- EXERCISE DESCRIPTION -
Set down every entry word for word. Omit the pictures.

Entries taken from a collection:
============================================================

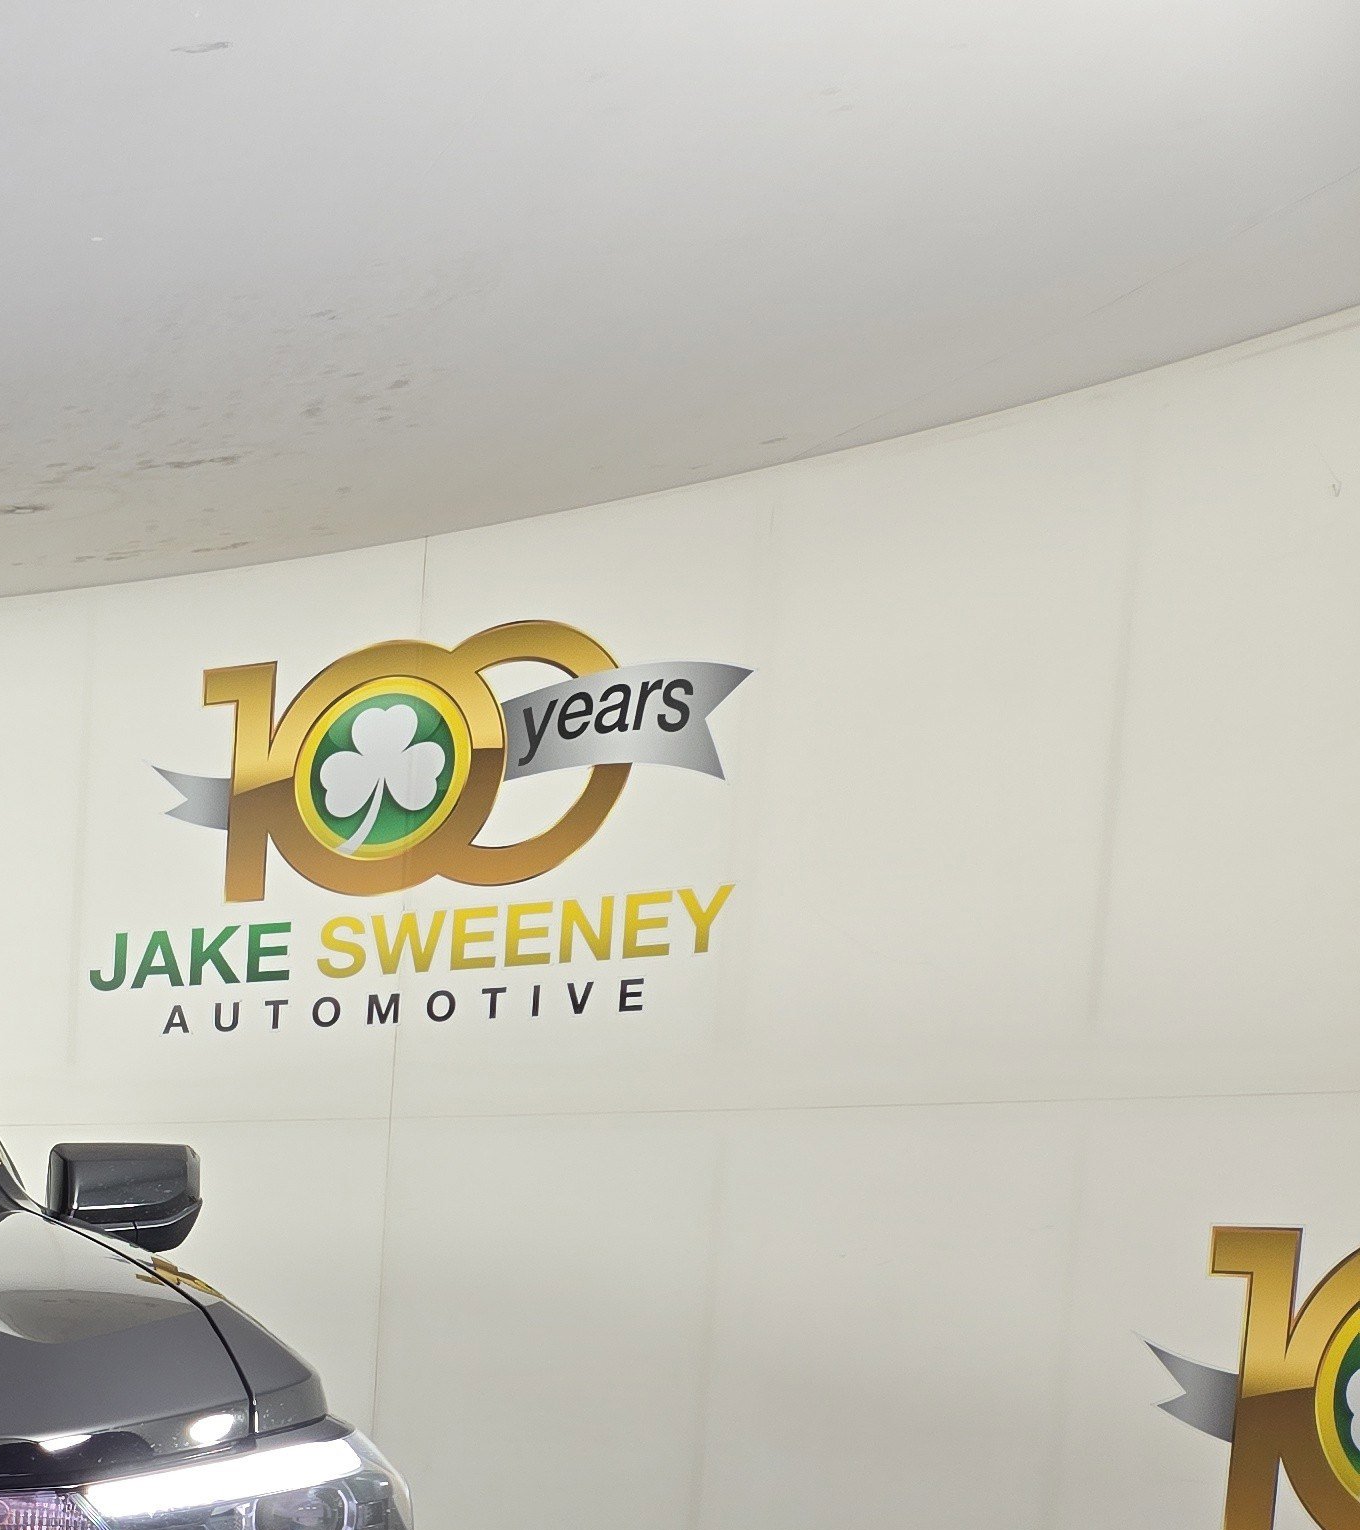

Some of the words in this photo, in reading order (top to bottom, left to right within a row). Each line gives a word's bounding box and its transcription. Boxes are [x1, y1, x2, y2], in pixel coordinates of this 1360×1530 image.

[518, 677, 695, 767] years
[89, 921, 292, 992] JAKE
[316, 884, 735, 980] SWEENEY
[162, 978, 645, 1035] AUTOMOTIVE
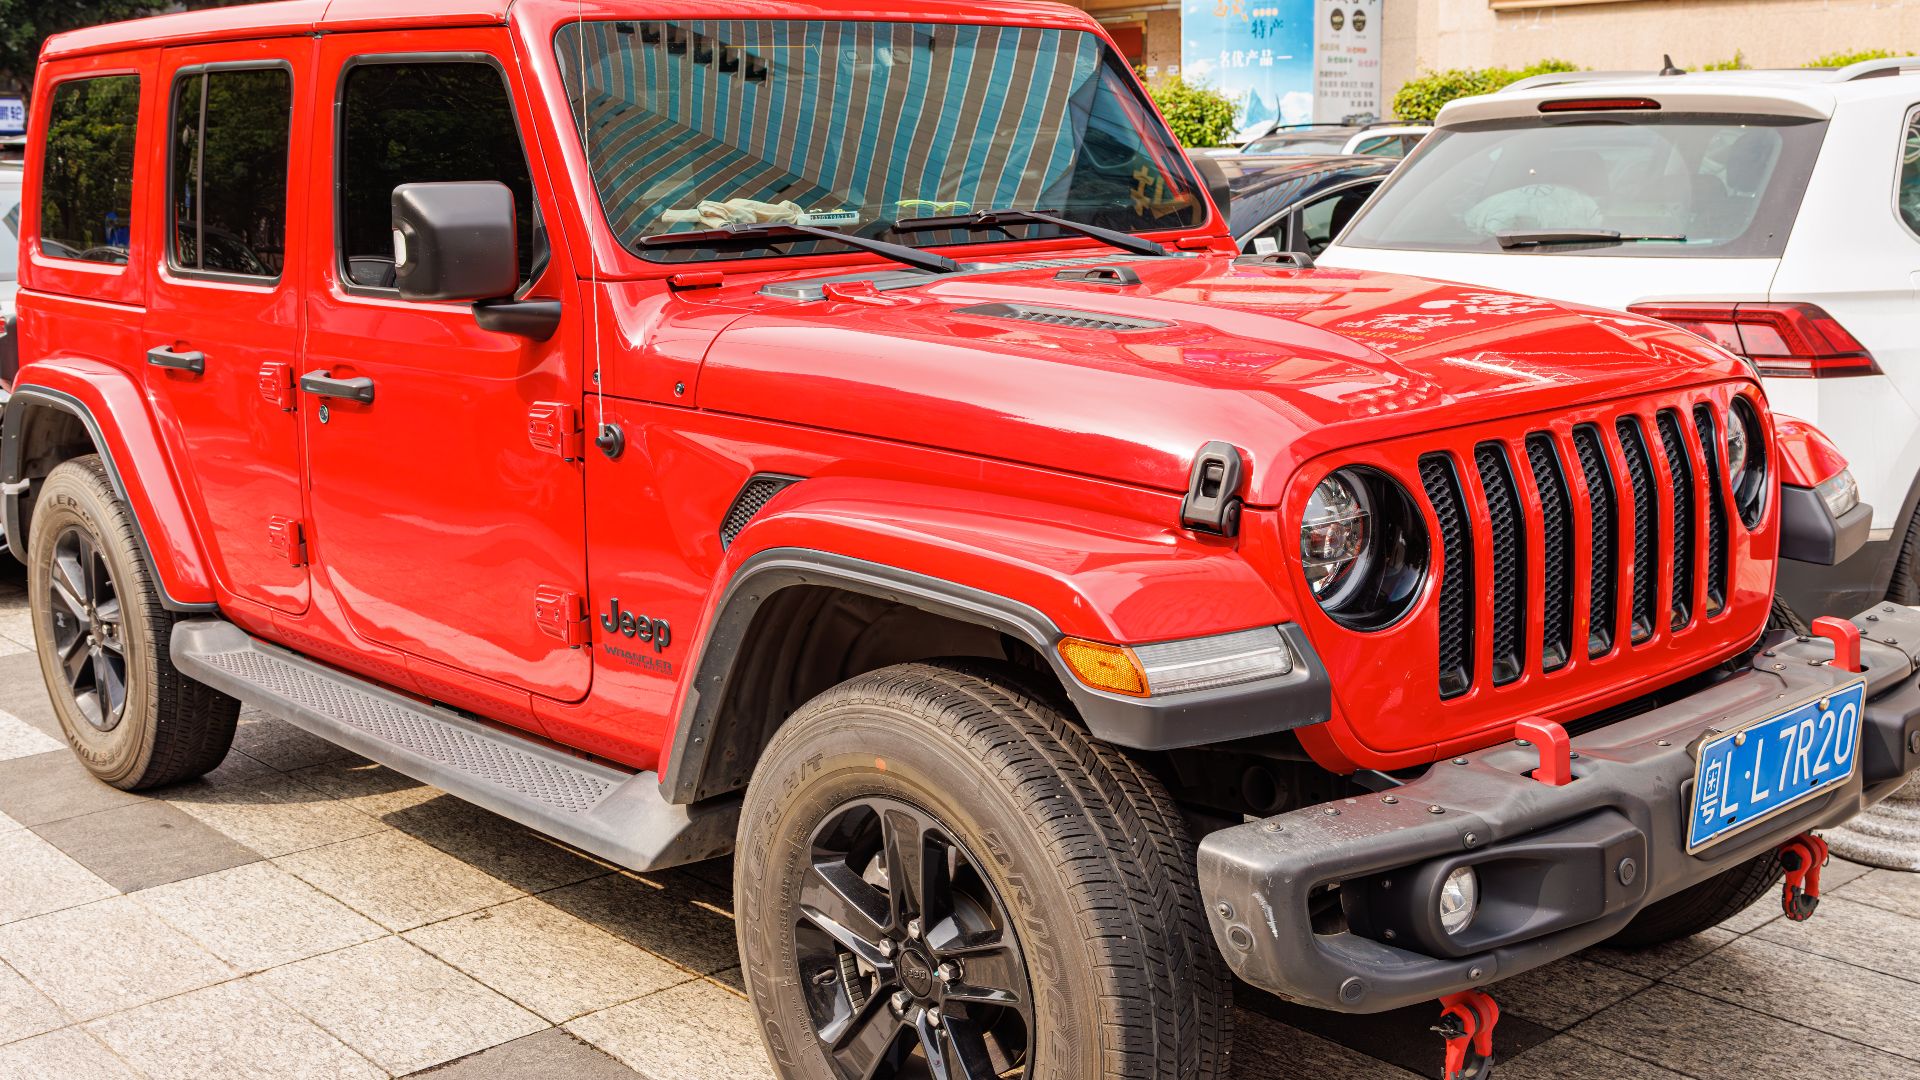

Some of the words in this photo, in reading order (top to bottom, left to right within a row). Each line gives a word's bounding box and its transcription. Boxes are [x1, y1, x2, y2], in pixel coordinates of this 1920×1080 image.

[1251, 18, 1284, 39] 特产
[1219, 49, 1273, 67] 名优产品
[600, 597, 671, 653] Jeep
[603, 642, 673, 671] WRANGLER
[979, 829, 1072, 1080] BRIDGE

============================================================

- OUTPUT BELOW -
Some of the words in this photo, in reading order (top to bottom, left to right within a row). Each line gives a word's bounding box and its transcription. Boxes are [x1, y1, x2, y2], in pixel coordinates of this 1360×1530 image.

[518, 677, 695, 767] years
[89, 921, 292, 992] JAKE
[316, 884, 735, 980] SWEENEY
[162, 978, 645, 1035] AUTOMOTIVE

Some of the words in this photo, in reading order (top to bottom, left to right within a row). Each line gives a word's bounding box and its transcription. Boxes are [x1, y1, x2, y2], in pixel coordinates of this 1920×1080 image.

[1251, 18, 1284, 39] 特产
[1219, 49, 1273, 67] 名优产品
[600, 597, 671, 653] Jeep
[603, 642, 673, 671] WRANGLER
[979, 829, 1072, 1080] BRIDGE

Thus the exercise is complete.